## Required work
Output the entries word for word. Omit images.

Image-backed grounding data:

------------------------------------------------

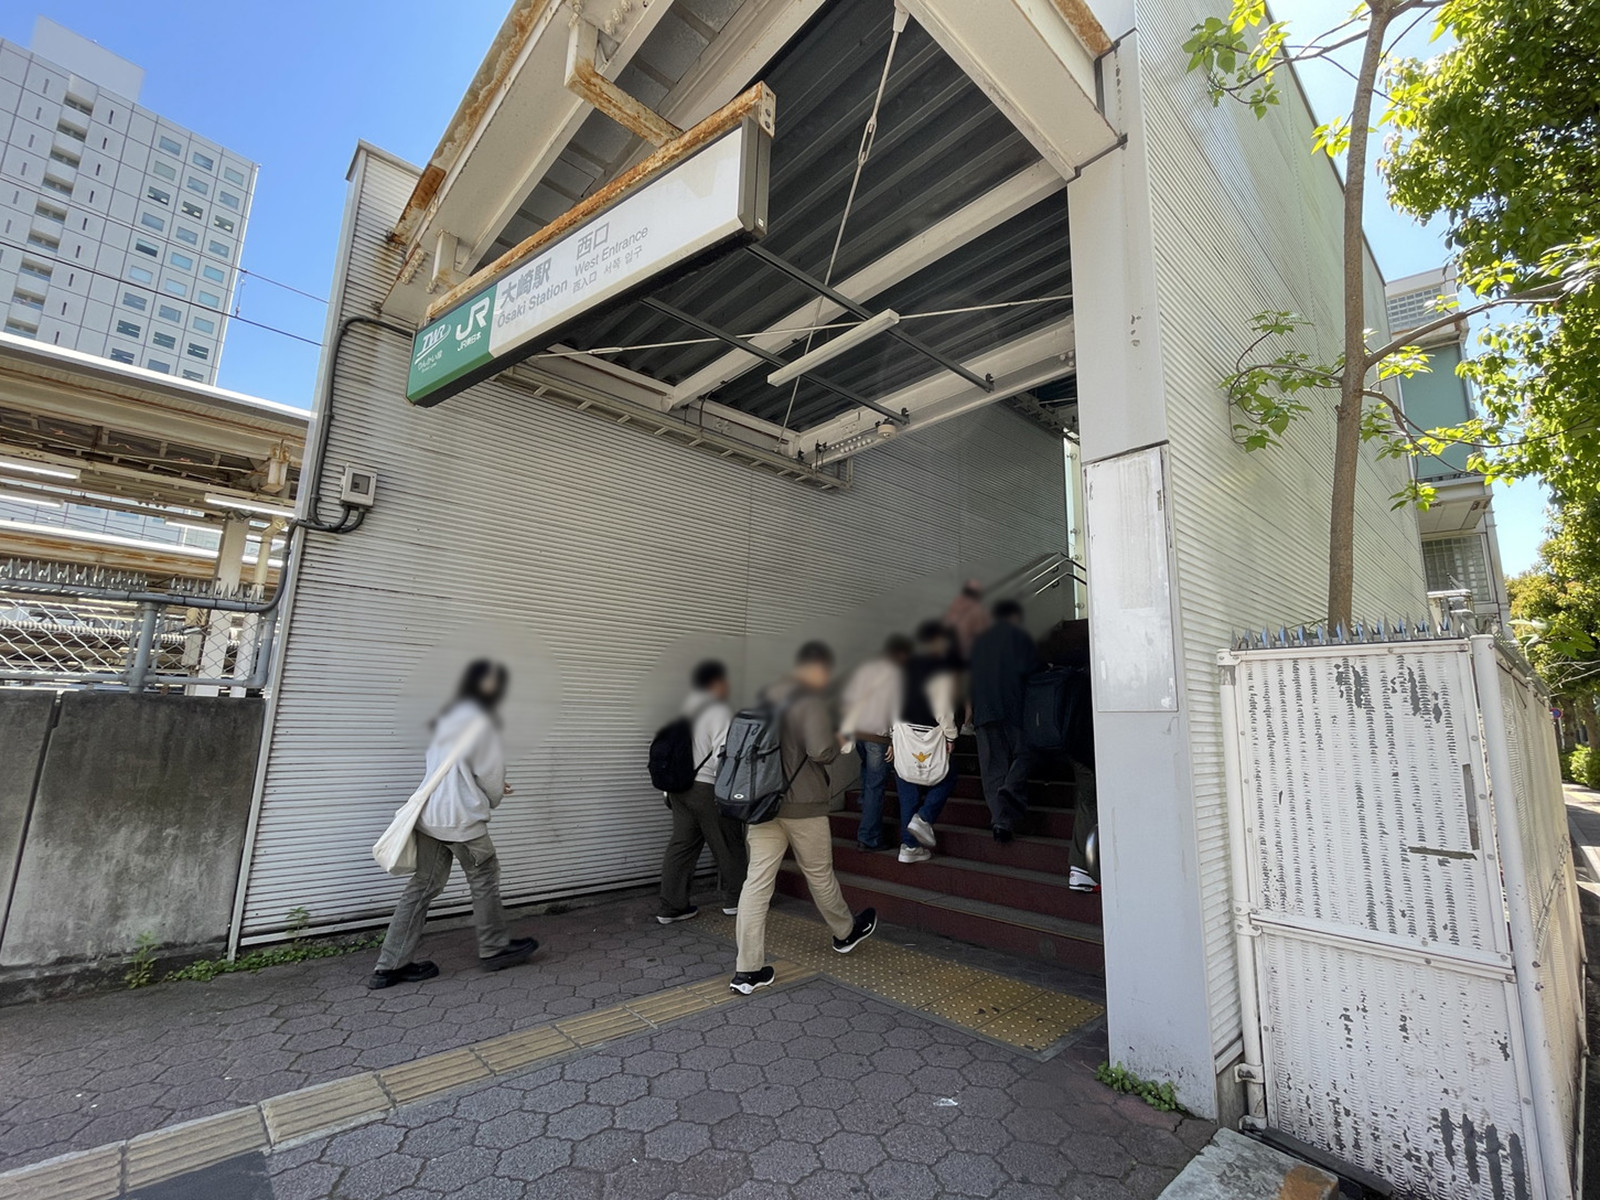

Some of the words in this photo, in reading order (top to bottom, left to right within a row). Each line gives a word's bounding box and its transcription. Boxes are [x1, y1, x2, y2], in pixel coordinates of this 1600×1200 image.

[575, 254, 599, 276] West
[602, 226, 649, 262] Entrance
[576, 222, 610, 260] 西口
[624, 246, 643, 265] 입구
[500, 257, 552, 309] 大崎駅
[528, 279, 568, 310] Station
[572, 271, 597, 293] 西入口
[455, 297, 490, 341] JR
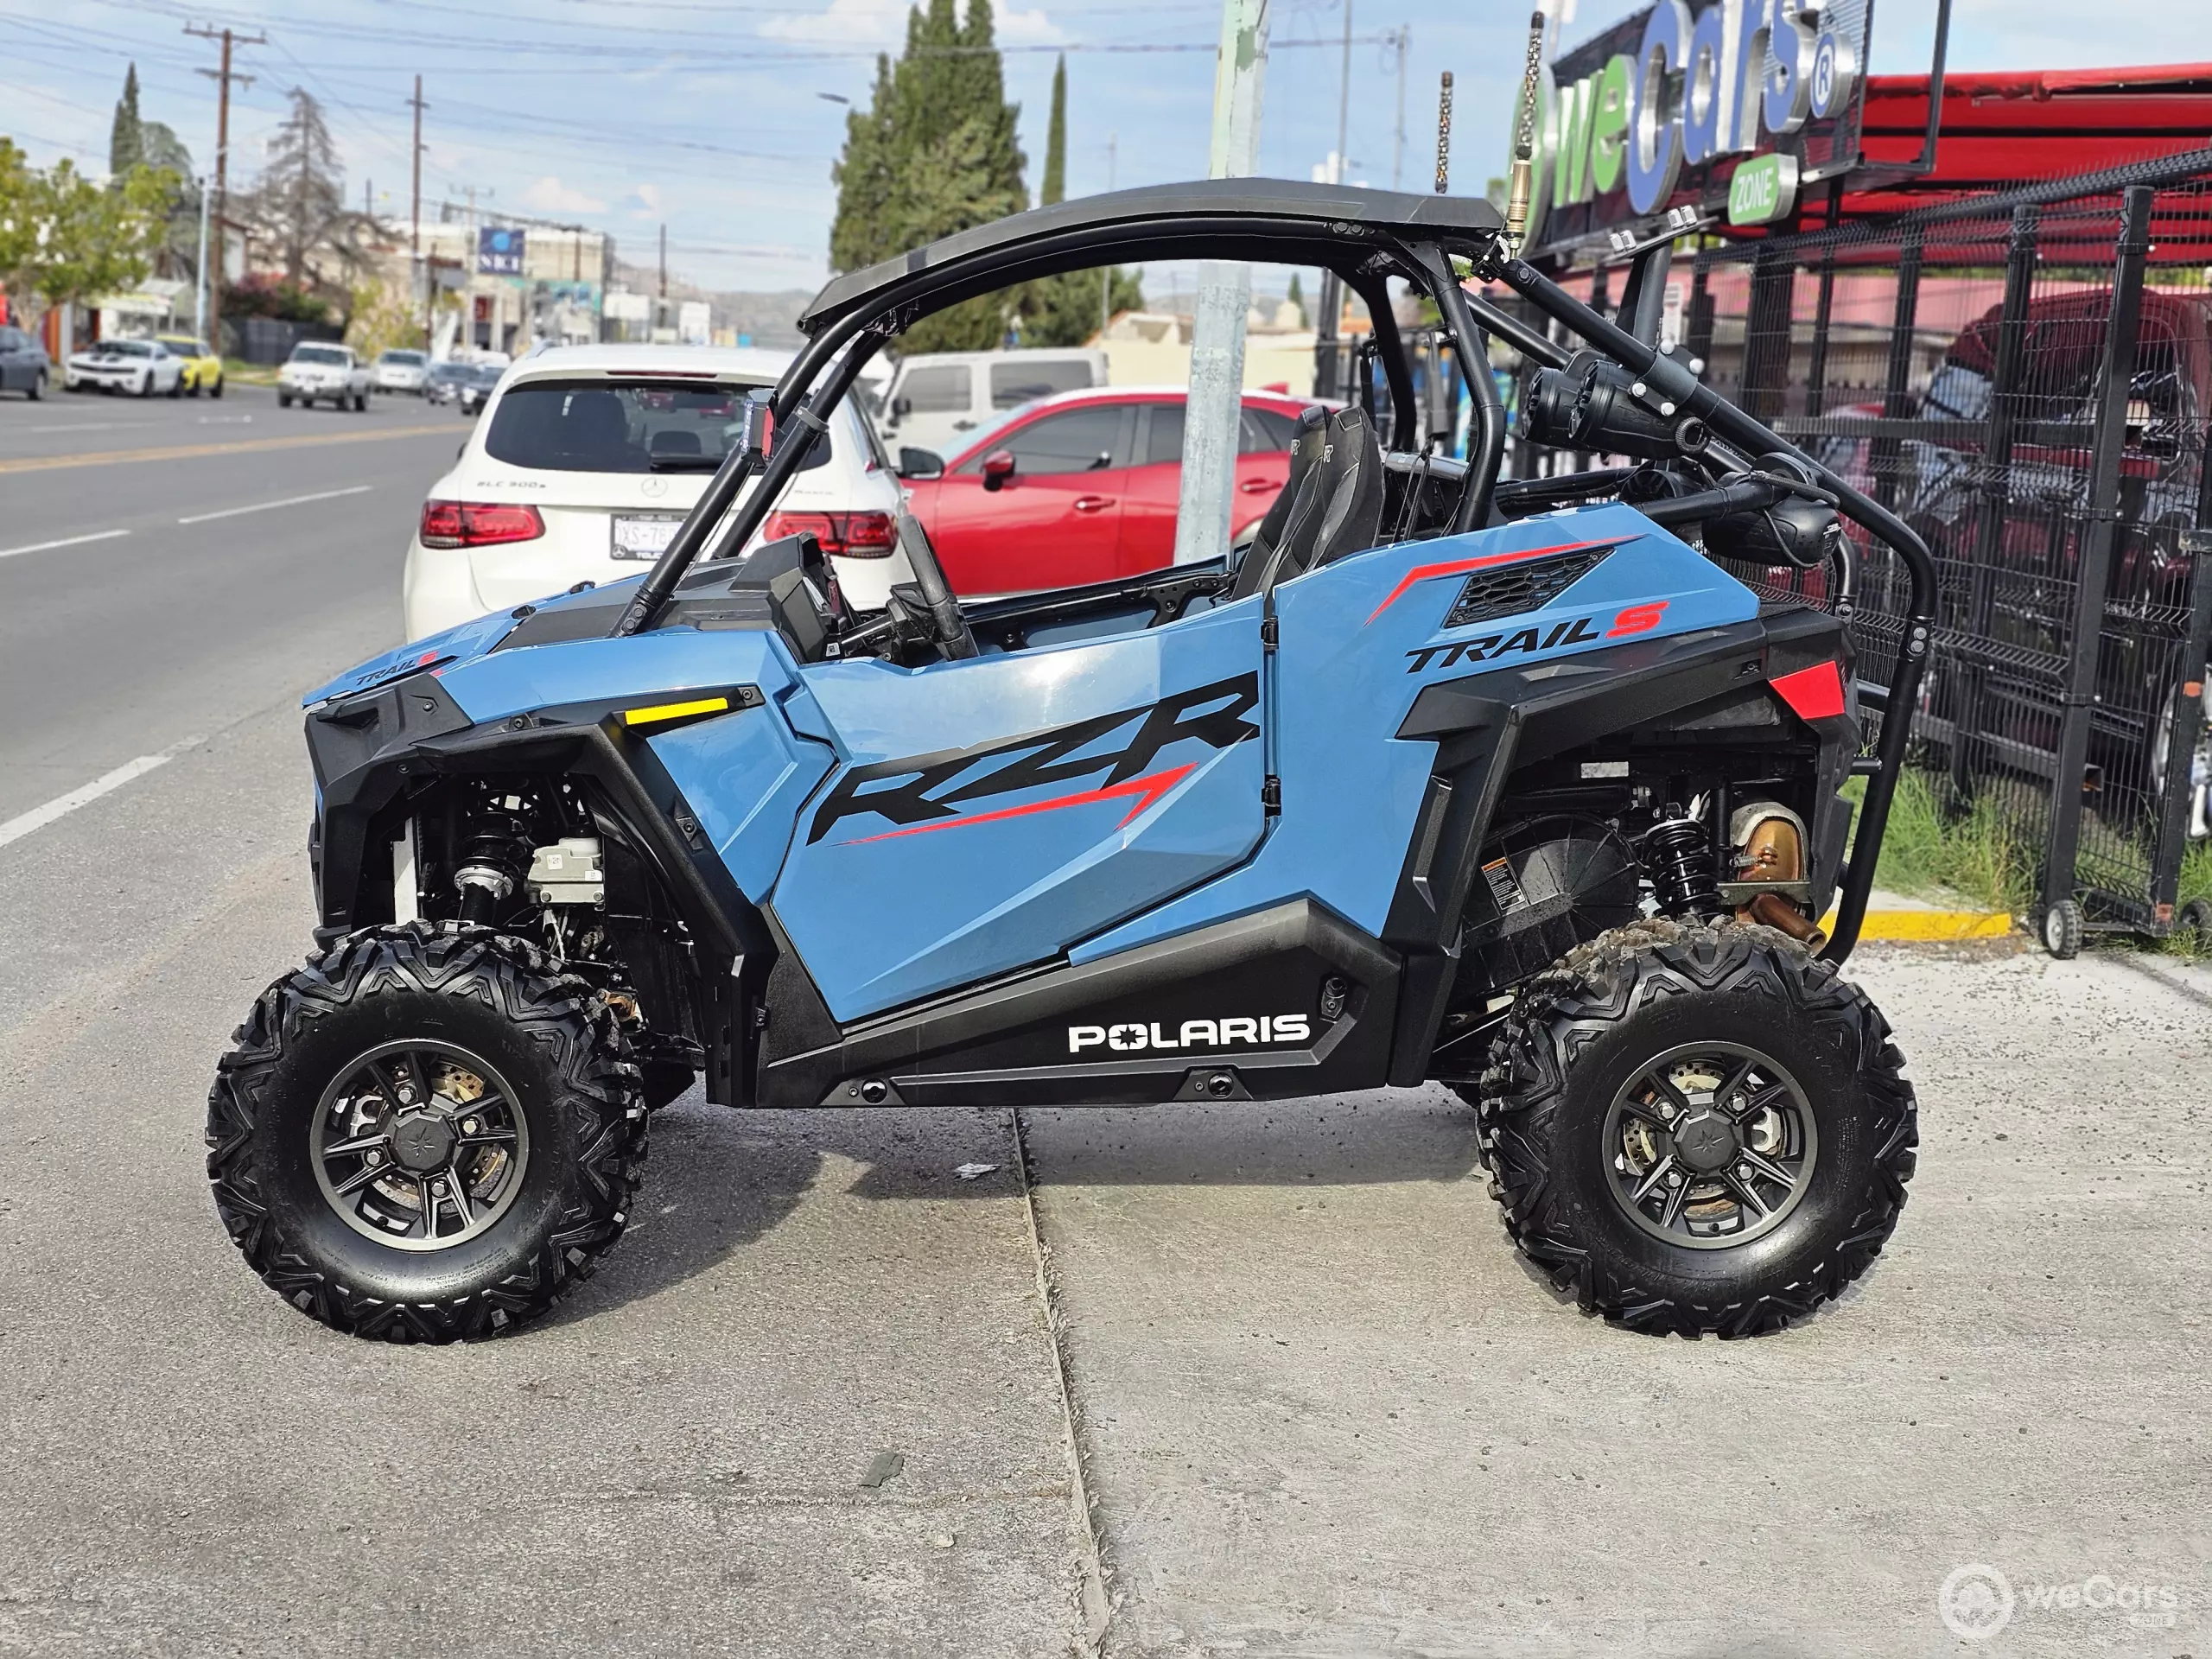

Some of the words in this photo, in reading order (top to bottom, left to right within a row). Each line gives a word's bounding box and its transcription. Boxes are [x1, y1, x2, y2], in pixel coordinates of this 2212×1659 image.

[1735, 168, 1773, 213] ZONE
[1404, 617, 1600, 674] TRAIL
[1605, 601, 1669, 639] S
[356, 660, 416, 685] TRAIL
[417, 651, 439, 666] S
[806, 670, 1260, 846] RZR
[1069, 1014, 1311, 1052] POLARIS

------------------------------------------------

## Solution to this task
Some of the words in this photo, in reading order (top to bottom, left to right within a row). Each line gives a word's bounding box and its transcription. Boxes are [x1, y1, x2, y2], in pixel coordinates of this 1600×1200 image.

[575, 254, 599, 276] West
[602, 226, 649, 262] Entrance
[576, 222, 610, 260] 西口
[624, 246, 643, 265] 입구
[500, 257, 552, 309] 大崎駅
[528, 279, 568, 310] Station
[572, 271, 597, 293] 西入口
[455, 297, 490, 341] JR

Some of the words in this photo, in reading order (top to bottom, left to right within a row). Each line gives a word's bounding box and its transcription. Boxes are [x1, y1, x2, y2], in pixel coordinates of this 2212×1659 image.

[1735, 168, 1773, 213] ZONE
[1404, 617, 1600, 674] TRAIL
[1605, 601, 1669, 639] S
[356, 660, 416, 685] TRAIL
[417, 651, 439, 666] S
[806, 670, 1260, 846] RZR
[1069, 1014, 1311, 1052] POLARIS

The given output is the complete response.